Justiça espanhola investiga entrada massiva de migrantes em Ceuta
Audiência Nacional apura possível guerra híbrida após entrada de 70 mil migrantes em Ceuta com suposto auxílio de forças marroquinas.
Pontos principais
- A investigação foca na entrada de mais de 70 mil pessoas no enclave espanhol em julho de 2026.
- Relatórios policiais indicam que forças de segurança de Marrocos teriam facilitado a travessia dos migrantes.
- A juíza María Tardón classificou o evento como uma possível operação de guerra híbrida contra o Estado espanhol.
- Mais de 100 mortes foram confirmadas durante as tentativas de travessia a nado até o território.

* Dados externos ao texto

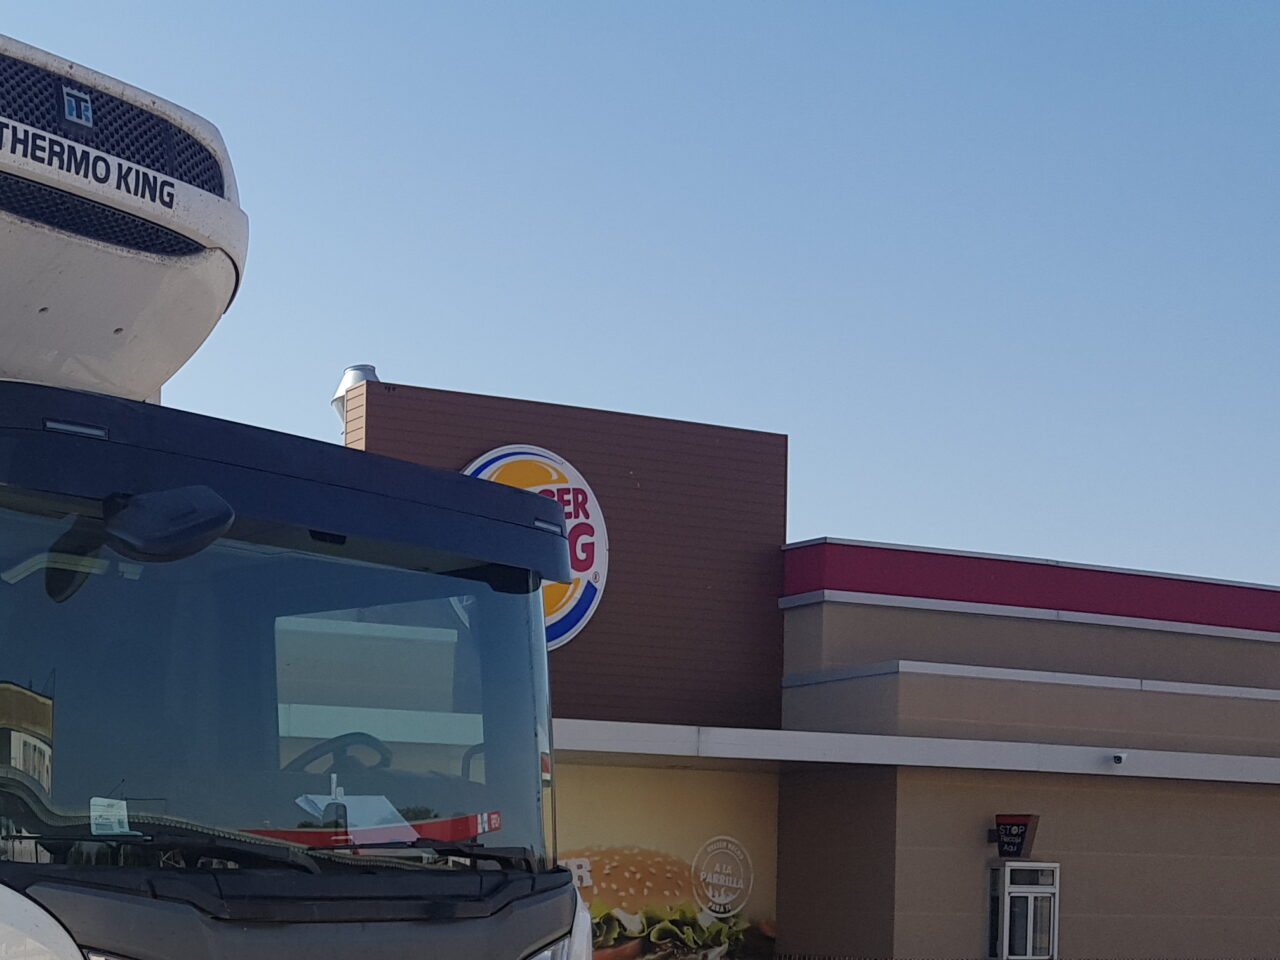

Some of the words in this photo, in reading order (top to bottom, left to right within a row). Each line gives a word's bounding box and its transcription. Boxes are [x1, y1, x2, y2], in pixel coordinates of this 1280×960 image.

A Audiência Nacional da Espanha iniciou uma investigação formal sobre a entrada massiva de migrantes no enclave de Ceuta, ocorrida no final de julho de 2026. A apuração busca determinar se o fluxo de mais de 70 mil pessoas foi uma ação coordenada, configurando uma possível operação de guerra híbrida contra a soberania espanhola. Documentos policiais sugerem que agentes marroquinos teriam orientado e facilitado o movimento, em vez de contê-lo, o que levanta graves questões diplomáticas e de segurança nacional. O episódio, que resultou em mais de 100 mortes durante as travessias marítimas, está sendo tratado pela juíza María Tardón como um atentado contra a independência do Estado. A investigação agora busca esclarecer a extensão da conivência estrangeira e as violações dos direitos de estrangeiros cometidas durante o período de crise migratória.